If you’ve spent some time studying and practicing data governance, you would agree that data governance is a challenging yet rewarding endeavor. Across industries, a growing number of organizations have put data governance programs in place so they can more effectively manage their data to drive the business value. But the reality is, data governance is a complex process, and most companies practicing data governance today are still at the early phase of this very long journey. In fact, according to the result from over 240 completed data governance assessments on http://governyourdata.com/, a community website dedicated to everything data governance, the average score for data governance maturity is only 1.6 out of 5. It’s no surprise that data governance was a hot topic at last week’s Informatica World 2015. Over a dozen presentations and panel discussions on data governance were delivered; practitioners across various industries shared their real-world stories on topics ranging from how to kick-start a data governance program, how to build business cases for data governance, frameworks and stewardship management, to the choice of technologies.

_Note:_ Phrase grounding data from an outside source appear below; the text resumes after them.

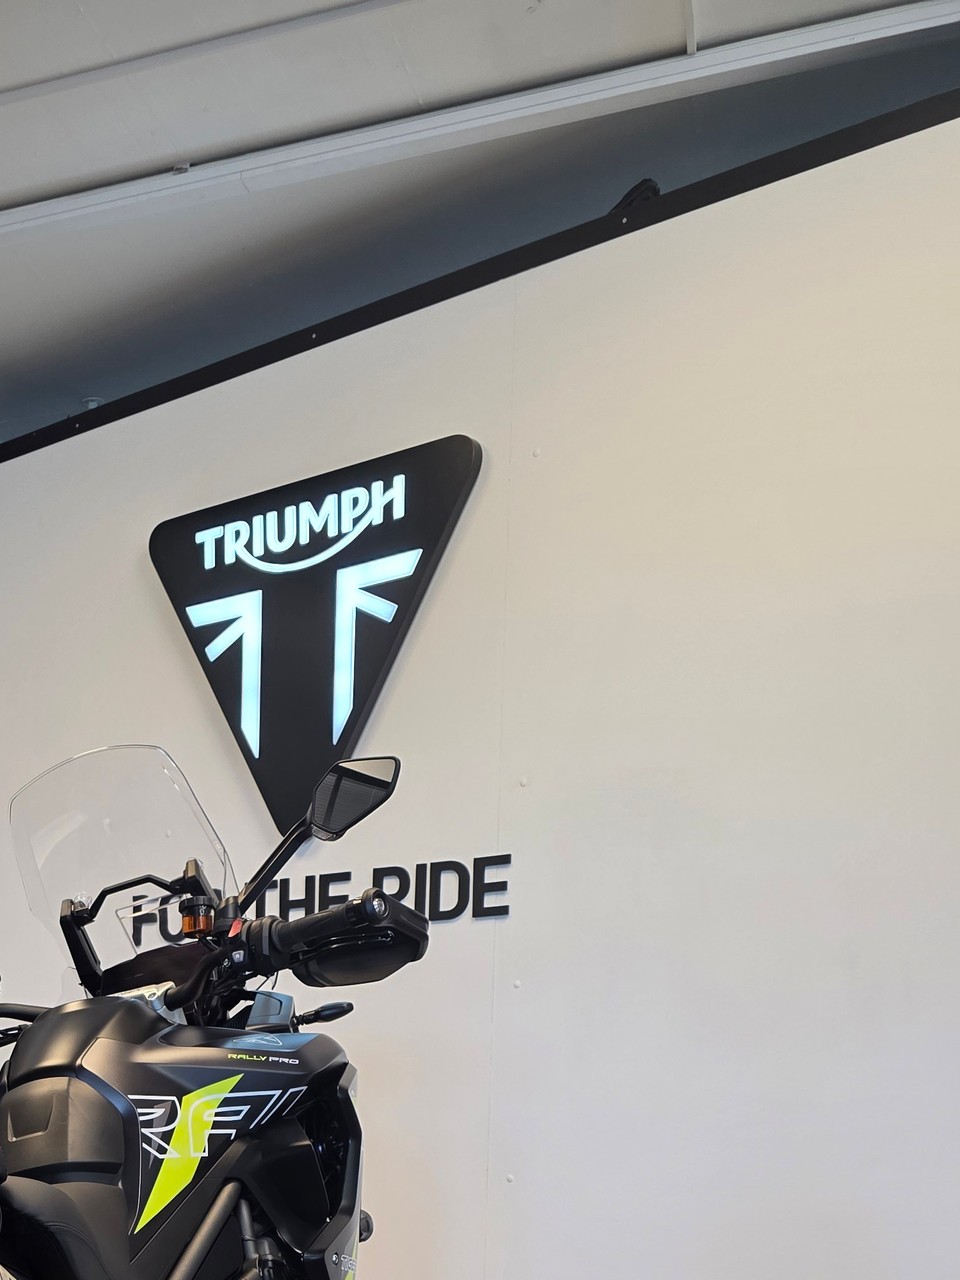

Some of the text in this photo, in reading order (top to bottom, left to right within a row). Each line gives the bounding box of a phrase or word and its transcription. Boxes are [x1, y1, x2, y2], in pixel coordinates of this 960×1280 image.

[195, 474, 406, 573] TRIUMPH
[373, 854, 512, 922] RIDE
[227, 1053, 300, 1065] RALLY PRO
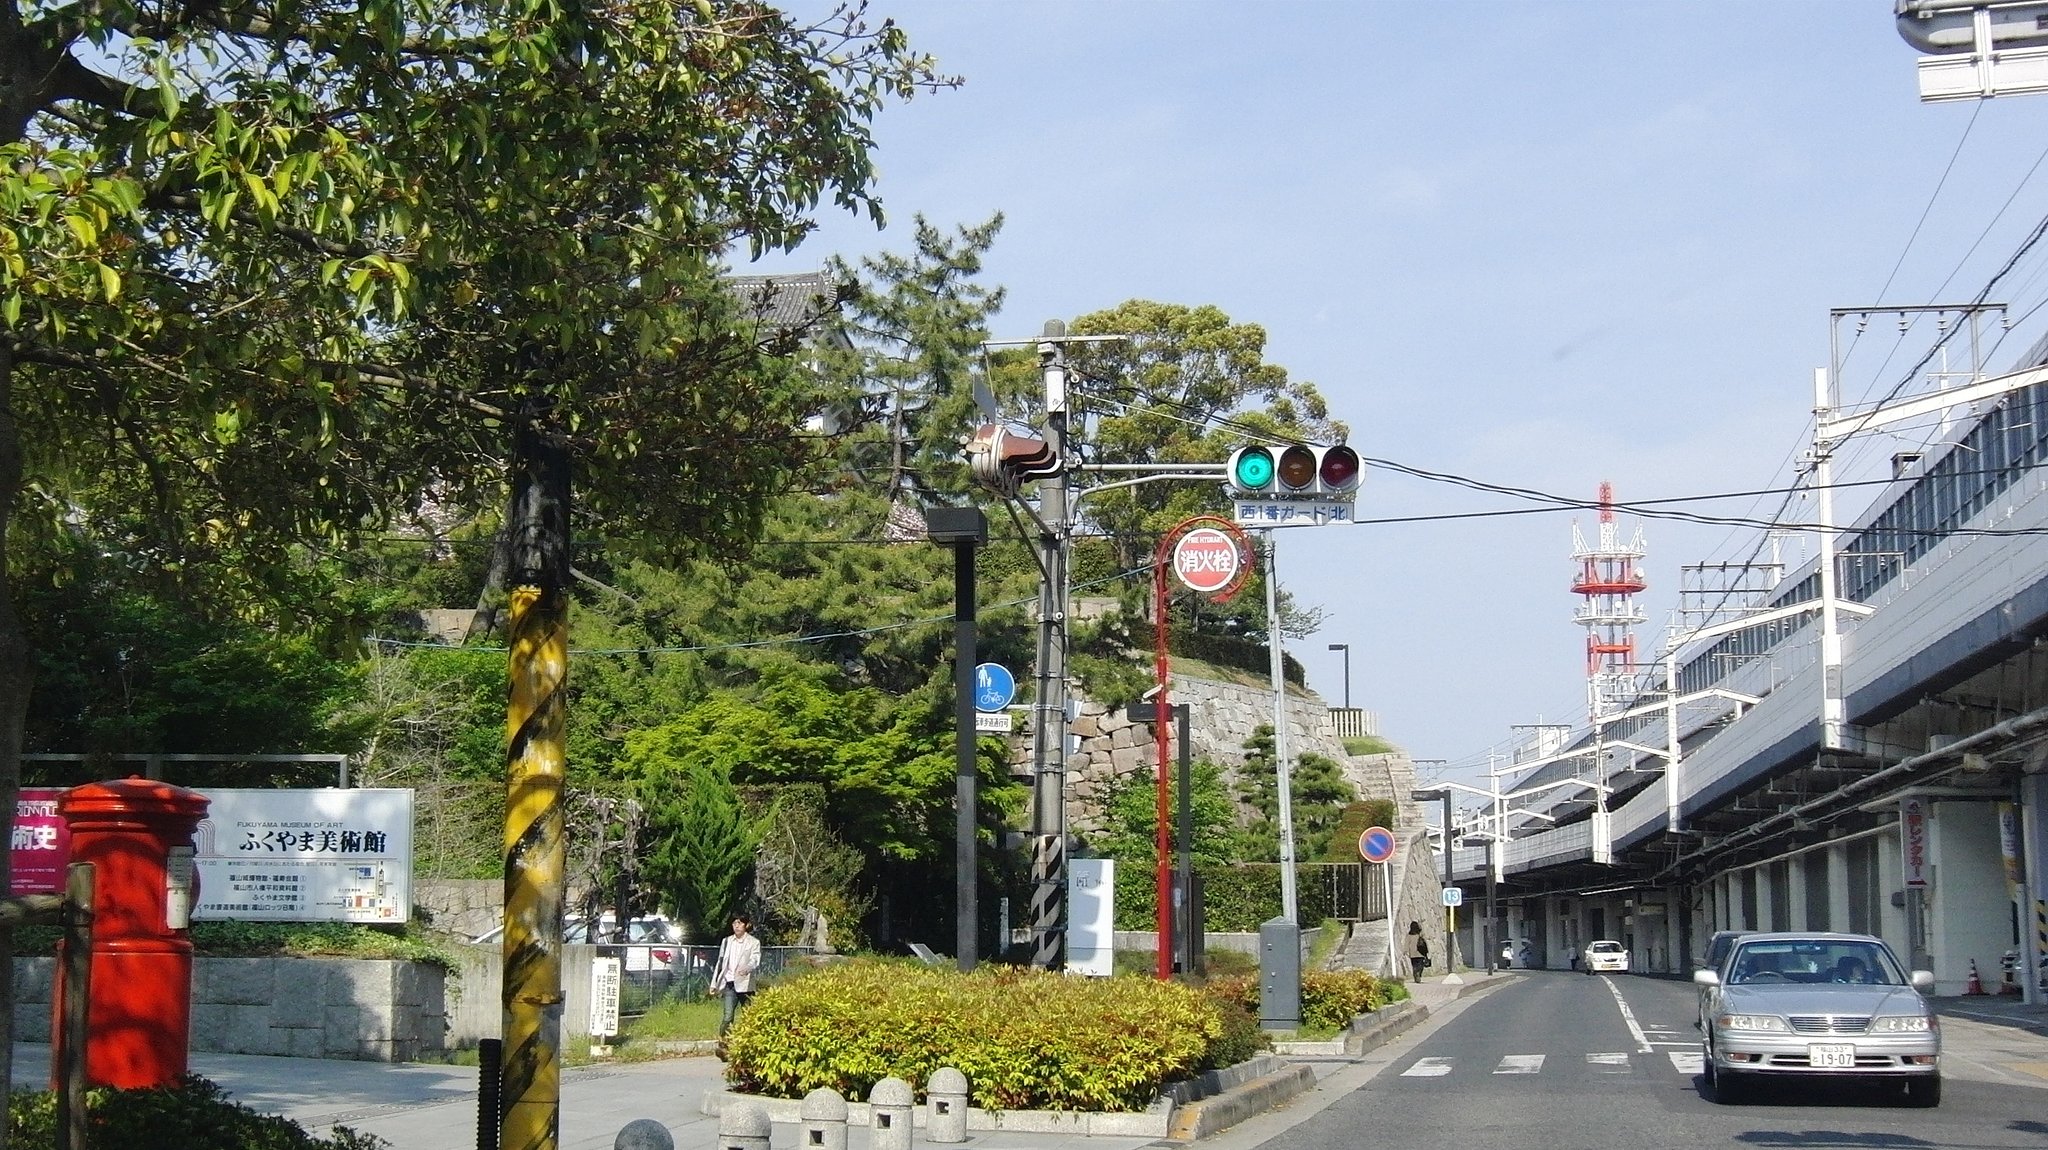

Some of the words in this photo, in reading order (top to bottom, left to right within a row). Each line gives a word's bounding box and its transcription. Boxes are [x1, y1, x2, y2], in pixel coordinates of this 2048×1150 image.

[1241, 504, 1348, 520] 西1番ガード(北)
[1180, 549, 1232, 573] 消火栓
[240, 831, 387, 853] ふくやま美術館
[1446, 891, 1458, 900] 13
[604, 964, 617, 1030] 無断駐車禁止
[1821, 1054, 1852, 1064] 19-07

For me, the key takeaways are:
- Old but still true – To do data governance the right way, you must start small and focus on achieving tangible results. Leverage the small victories to advance to the next phase.

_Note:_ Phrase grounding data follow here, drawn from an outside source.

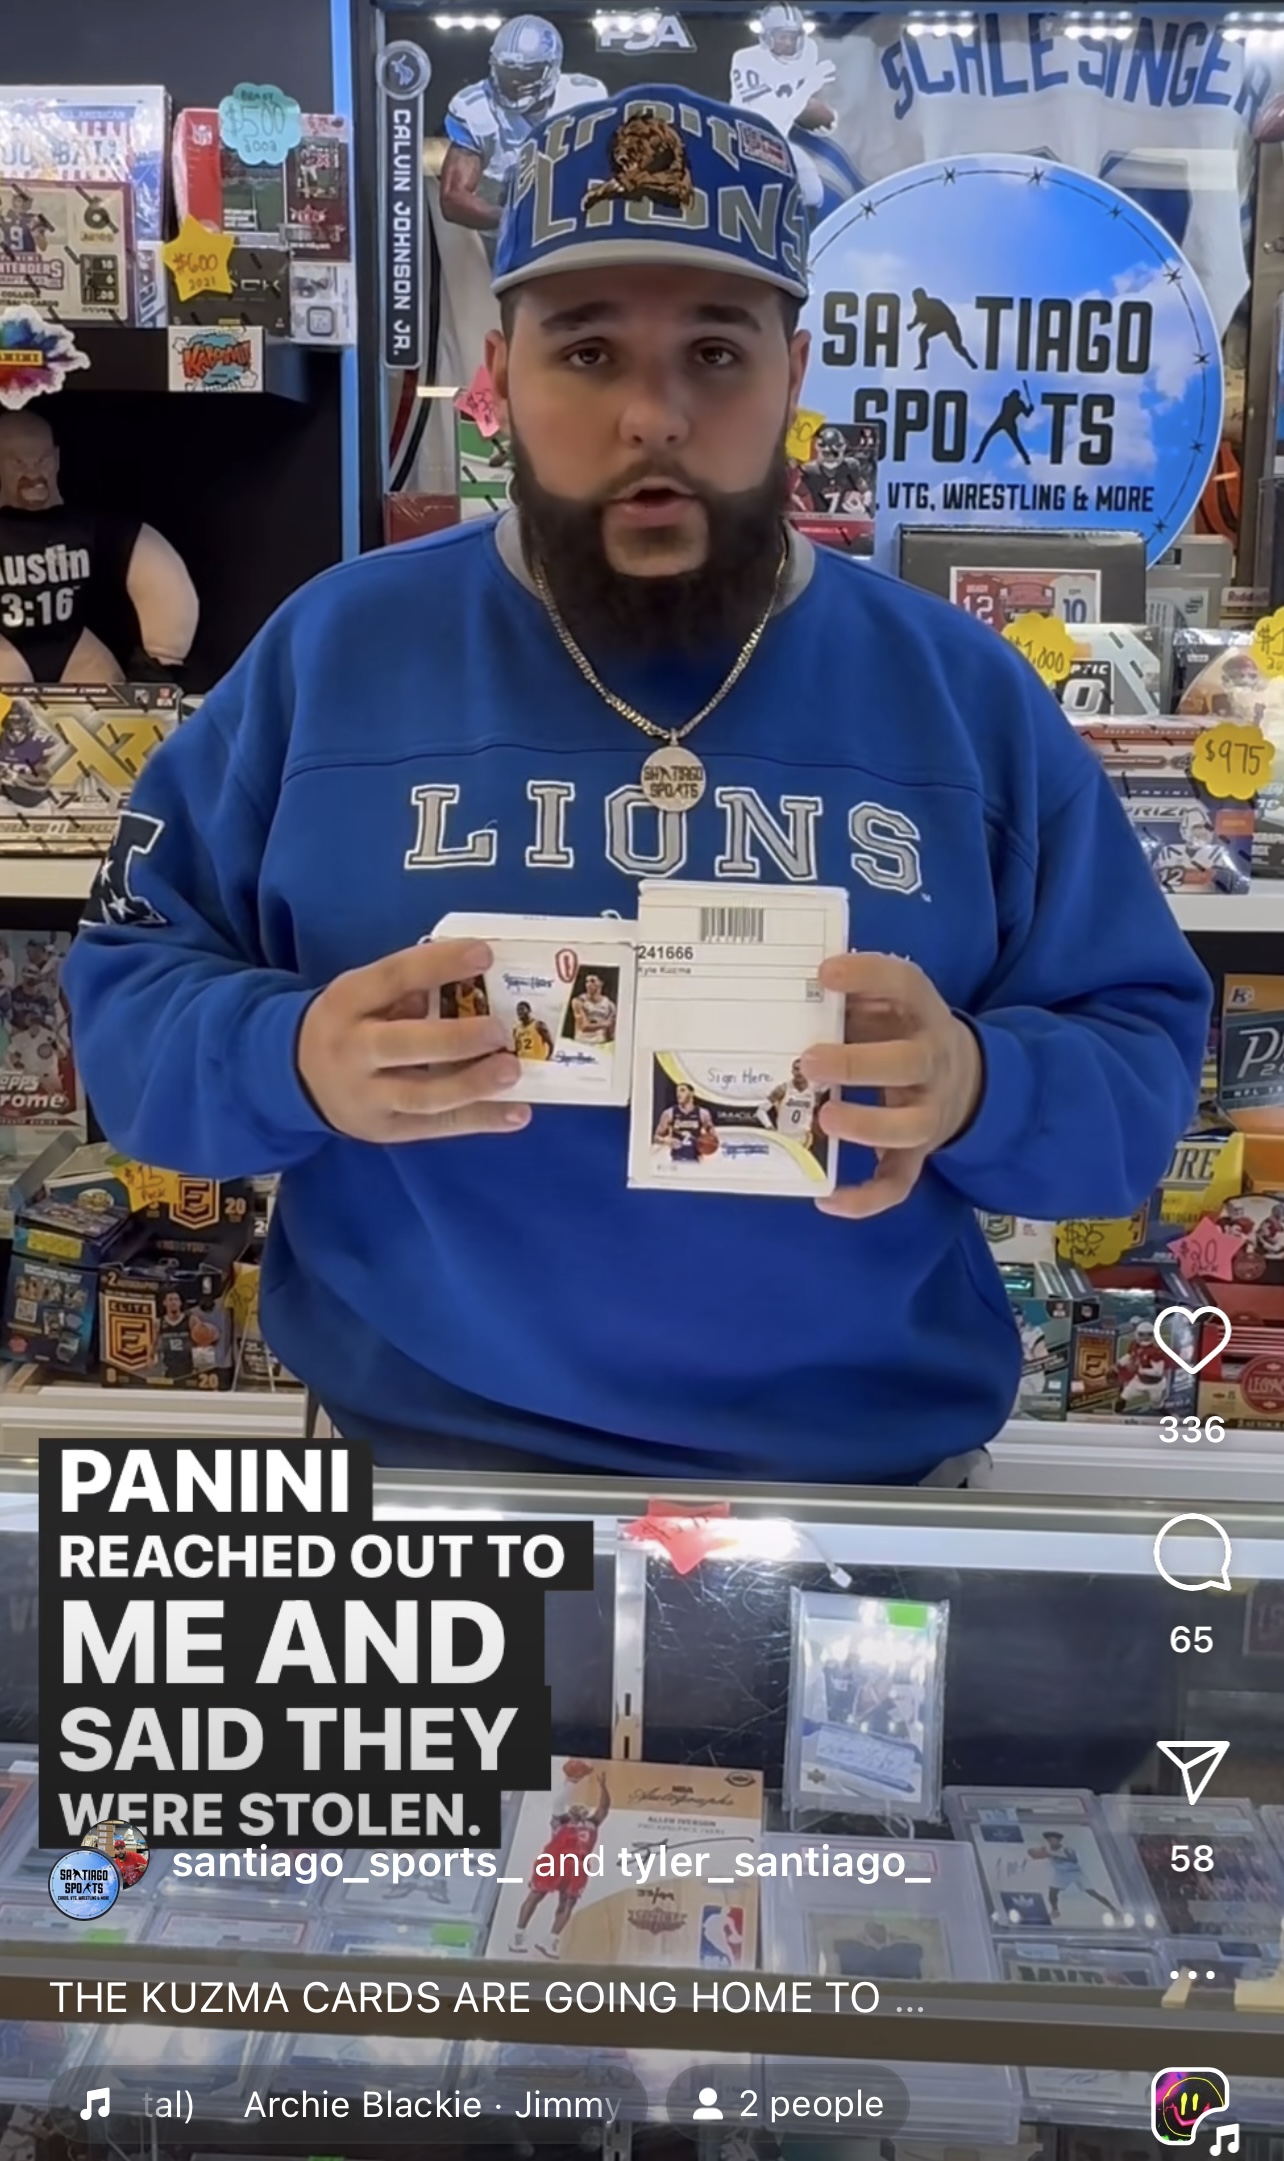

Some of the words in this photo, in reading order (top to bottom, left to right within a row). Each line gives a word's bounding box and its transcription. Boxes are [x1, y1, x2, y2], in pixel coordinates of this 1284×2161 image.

[223, 103, 285, 138] $500
[393, 109, 411, 191] CALVIN
[393, 200, 411, 311] JOHNSON
[393, 315, 411, 356] JR.
[887, 482, 935, 511] VTG,
[943, 483, 1066, 511] WRESTLING
[1073, 485, 1088, 511] &
[1096, 486, 1155, 512] MORE
[1, 587, 74, 627] 3:16
[962, 595, 994, 625] 12
[1062, 598, 1087, 623] 10
[1070, 664, 1109, 675] PTIC
[1205, 740, 1265, 775] $975
[404, 780, 922, 895] LIONS
[637, 944, 695, 961] 241666
[707, 1067, 737, 1090] Sign
[0, 1092, 65, 1109] rome
[791, 1109, 801, 1125] 0
[225, 1196, 247, 1215] 20
[1180, 1238, 1217, 1265] $20
[110, 1301, 150, 1314] ELITE
[169, 1338, 184, 1351] 12

- Be prepared to fail more than once while building a data governance program. But don’t quit, because your data will not.

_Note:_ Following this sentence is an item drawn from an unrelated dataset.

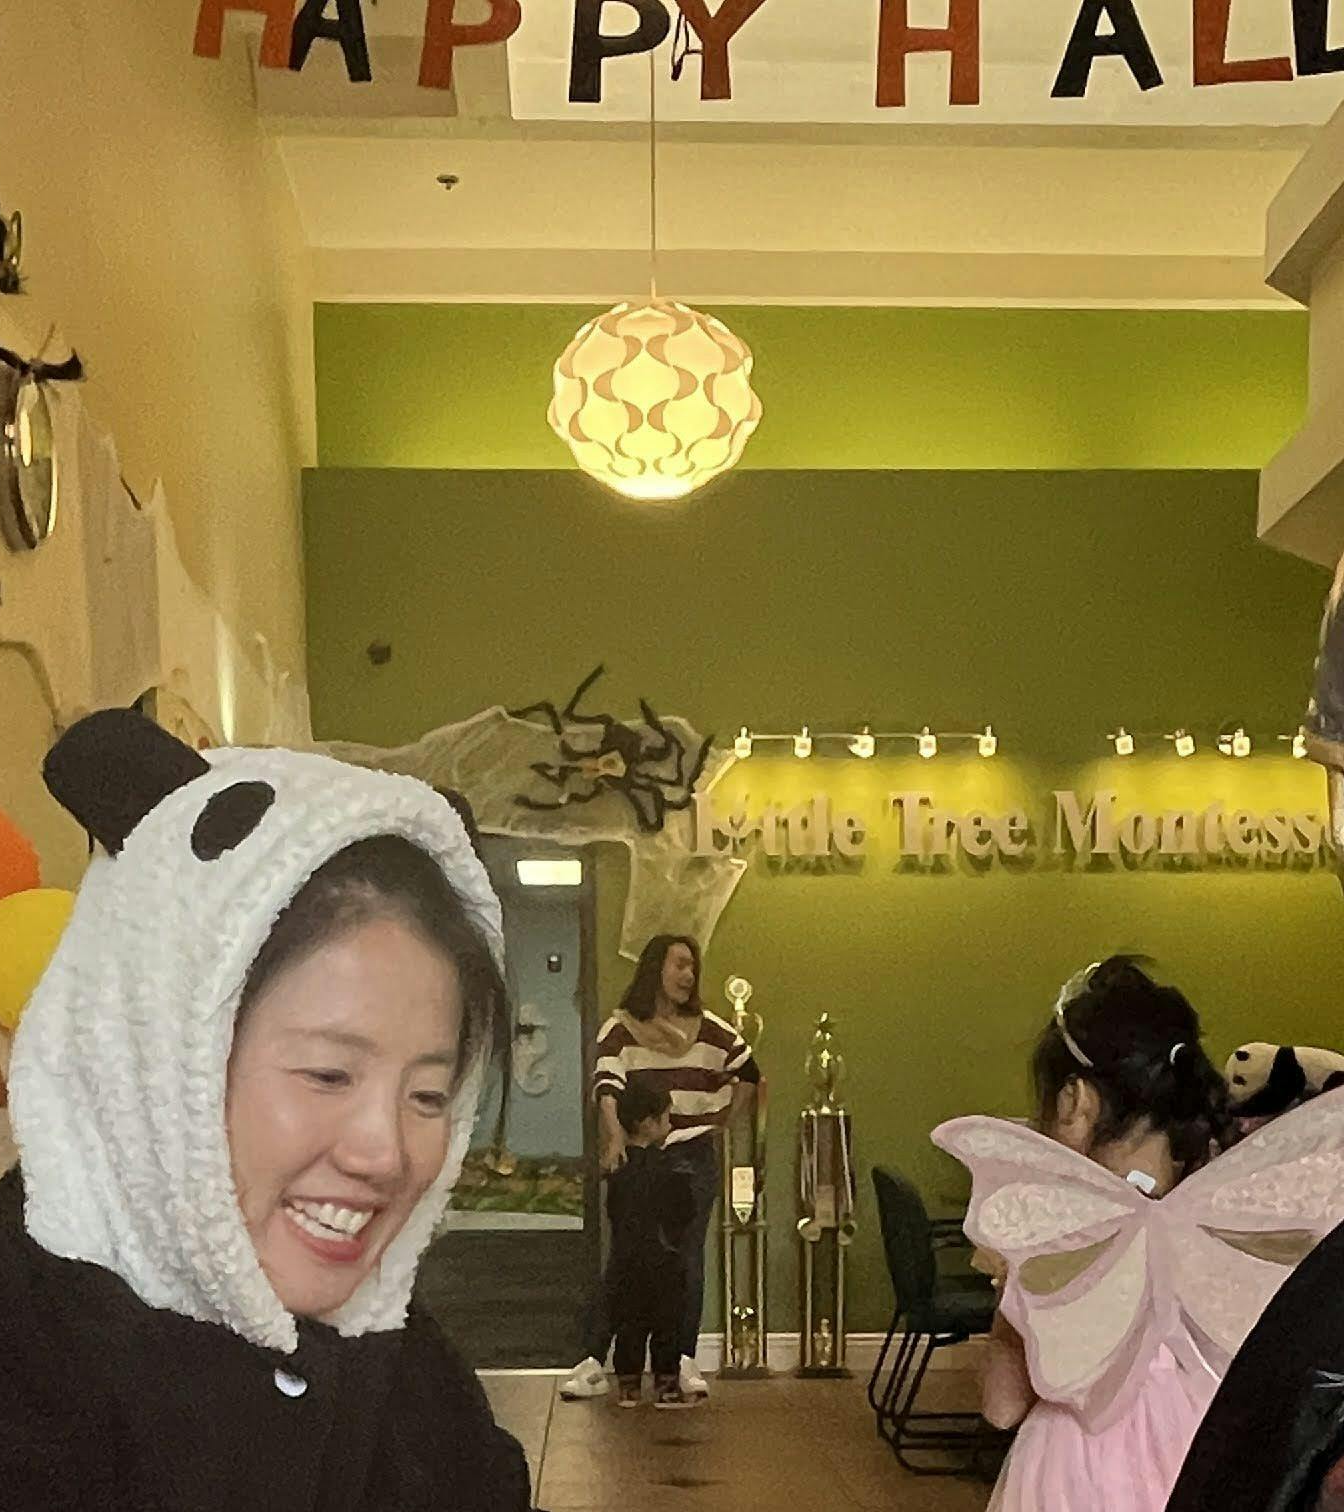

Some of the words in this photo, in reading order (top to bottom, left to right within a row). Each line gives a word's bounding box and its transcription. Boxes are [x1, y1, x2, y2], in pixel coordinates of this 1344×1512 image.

[193, 0, 756, 104] HAPPY
[888, 791, 1028, 856] Tree
[1052, 791, 1336, 854] Montess

- One-size doesn’t fit all when it comes to building a data governance framework, which is a challenge for organizations, as there is no magic formula that companies can immediately adopt. Should you build a centralized or federated data governance operation? Well, that really depends on what works within your existing environment.
In fact, when asked “what’s the most challenging area for your data governance effort” in our recent survey conducted at Informatica World 2015, “Identify roles and responsibilities” got the most mentions. Basic principle? – Choose a framework that blends well with your company‘s culture.
- Let’s face it, data governance is not an IT project, nor is it about fixing data problems. It is a business function that calls for people, process and technology working together to obtain the most value from your data. Our seasoned practitioners recommend a systematic approach: Your first priority should be people gathering – identifying the right people with the right skills and most importantly, those who have a passion for data; next is figuring out the process. Things to consider include: What’s the requirement for data quality? What metrics and measurements should be used for examining the data; how to handle exceptions and remediate data issues? How to quickly identify and apply security measures to the various data sets? Third priority is selecting the right technologies to implement and facilitate those processes to transform the data so it can be used to help meet business goals.
- “Engage your business early on” is another important tip from our customers who have achieved early success with their data governance program. A data governance program will not be sustainable without participation from the business. The reason is simple – the business owns the data, they are the consumers of the data and have specific requirements for the data they want to use. IT needs to work collaboratively with business to meet those requirements so the data is fit for use, and provides good value for the business.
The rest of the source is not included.